┏━━
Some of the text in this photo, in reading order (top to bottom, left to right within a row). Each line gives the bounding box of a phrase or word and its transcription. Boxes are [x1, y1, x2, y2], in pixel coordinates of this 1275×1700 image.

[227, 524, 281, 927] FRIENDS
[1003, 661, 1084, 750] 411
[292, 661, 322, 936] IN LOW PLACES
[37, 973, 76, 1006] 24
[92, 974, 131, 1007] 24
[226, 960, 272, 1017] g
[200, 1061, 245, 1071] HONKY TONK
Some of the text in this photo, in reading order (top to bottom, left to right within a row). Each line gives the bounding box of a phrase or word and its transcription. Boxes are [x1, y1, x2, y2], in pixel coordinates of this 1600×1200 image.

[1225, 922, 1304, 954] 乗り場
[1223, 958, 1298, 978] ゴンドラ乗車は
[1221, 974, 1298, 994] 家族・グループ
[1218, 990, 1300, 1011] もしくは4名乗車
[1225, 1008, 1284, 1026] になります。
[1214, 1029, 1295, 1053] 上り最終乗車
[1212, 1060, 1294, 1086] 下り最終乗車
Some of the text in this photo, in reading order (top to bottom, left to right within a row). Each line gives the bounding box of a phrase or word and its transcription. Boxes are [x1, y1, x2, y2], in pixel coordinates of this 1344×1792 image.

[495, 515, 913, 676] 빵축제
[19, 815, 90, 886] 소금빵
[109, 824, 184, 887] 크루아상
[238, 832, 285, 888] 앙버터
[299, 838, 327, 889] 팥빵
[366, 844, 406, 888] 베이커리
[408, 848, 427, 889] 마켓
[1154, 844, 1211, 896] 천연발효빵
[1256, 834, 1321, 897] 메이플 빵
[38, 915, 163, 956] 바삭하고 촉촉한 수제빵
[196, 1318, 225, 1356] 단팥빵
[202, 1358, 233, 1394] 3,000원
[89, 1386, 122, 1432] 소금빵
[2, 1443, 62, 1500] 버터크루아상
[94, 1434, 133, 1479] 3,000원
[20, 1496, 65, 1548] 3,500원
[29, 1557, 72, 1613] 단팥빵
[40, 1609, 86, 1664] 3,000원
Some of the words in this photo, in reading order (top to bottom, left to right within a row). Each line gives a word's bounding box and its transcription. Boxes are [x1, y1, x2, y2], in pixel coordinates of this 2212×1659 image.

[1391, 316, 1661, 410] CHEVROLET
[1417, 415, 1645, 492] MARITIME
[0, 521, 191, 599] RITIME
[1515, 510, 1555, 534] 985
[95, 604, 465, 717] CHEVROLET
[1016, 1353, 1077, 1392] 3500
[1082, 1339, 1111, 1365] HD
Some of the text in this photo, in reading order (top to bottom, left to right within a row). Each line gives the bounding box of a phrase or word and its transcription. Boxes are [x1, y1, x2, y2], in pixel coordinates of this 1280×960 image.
┗━━
Work task: From the first line to the last, reproduce the data exactly.

Result of the exercise:
Some of the text in this photo, in reading order (top to bottom, left to right within a row). Each line gives the bounding box of a phrase or word and its transcription. Boxes are [x1, y1, x2, y2], in pixel coordinates of this 1275×1700 image.

[227, 524, 281, 927] FRIENDS
[1003, 661, 1084, 750] 411
[292, 661, 322, 936] IN LOW PLACES
[37, 973, 76, 1006] 24
[92, 974, 131, 1007] 24
[226, 960, 272, 1017] g
[200, 1061, 245, 1071] HONKY TONK
Some of the text in this photo, in reading order (top to bottom, left to right within a row). Each line gives the bounding box of a phrase or word and its transcription. Boxes are [x1, y1, x2, y2], in pixel coordinates of this 1600×1200 image.

[1225, 922, 1304, 954] 乗り場
[1223, 958, 1298, 978] ゴンドラ乗車は
[1221, 974, 1298, 994] 家族・グループ
[1218, 990, 1300, 1011] もしくは4名乗車
[1225, 1008, 1284, 1026] になります。
[1214, 1029, 1295, 1053] 上り最終乗車
[1212, 1060, 1294, 1086] 下り最終乗車
Some of the text in this photo, in reading order (top to bottom, left to right within a row). Each line gives the bounding box of a phrase or word and its transcription. Boxes are [x1, y1, x2, y2], in pixel coordinates of this 1344×1792 image.

[495, 515, 913, 676] 빵축제
[19, 815, 90, 886] 소금빵
[109, 824, 184, 887] 크루아상
[238, 832, 285, 888] 앙버터
[299, 838, 327, 889] 팥빵
[366, 844, 406, 888] 베이커리
[408, 848, 427, 889] 마켓
[1154, 844, 1211, 896] 천연발효빵
[1256, 834, 1321, 897] 메이플 빵
[38, 915, 163, 956] 바삭하고 촉촉한 수제빵
[196, 1318, 225, 1356] 단팥빵
[202, 1358, 233, 1394] 3,000원
[89, 1386, 122, 1432] 소금빵
[2, 1443, 62, 1500] 버터크루아상
[94, 1434, 133, 1479] 3,000원
[20, 1496, 65, 1548] 3,500원
[29, 1557, 72, 1613] 단팥빵
[40, 1609, 86, 1664] 3,000원
Some of the words in this photo, in reading order (top to bottom, left to right within a row). Each line gives a word's bounding box and its transcription. Boxes are [x1, y1, x2, y2], in pixel coordinates of this 2212×1659 image.

[1391, 316, 1661, 410] CHEVROLET
[1417, 415, 1645, 492] MARITIME
[0, 521, 191, 599] RITIME
[1515, 510, 1555, 534] 985
[95, 604, 465, 717] CHEVROLET
[1016, 1353, 1077, 1392] 3500
[1082, 1339, 1111, 1365] HD
Some of the text in this photo, in reading order (top to bottom, left to right within a row). Each line gives the bounding box of a phrase or word and its transcription. Boxes are [x1, y1, x2, y2], in pixel coordinates of this 1280×960 image.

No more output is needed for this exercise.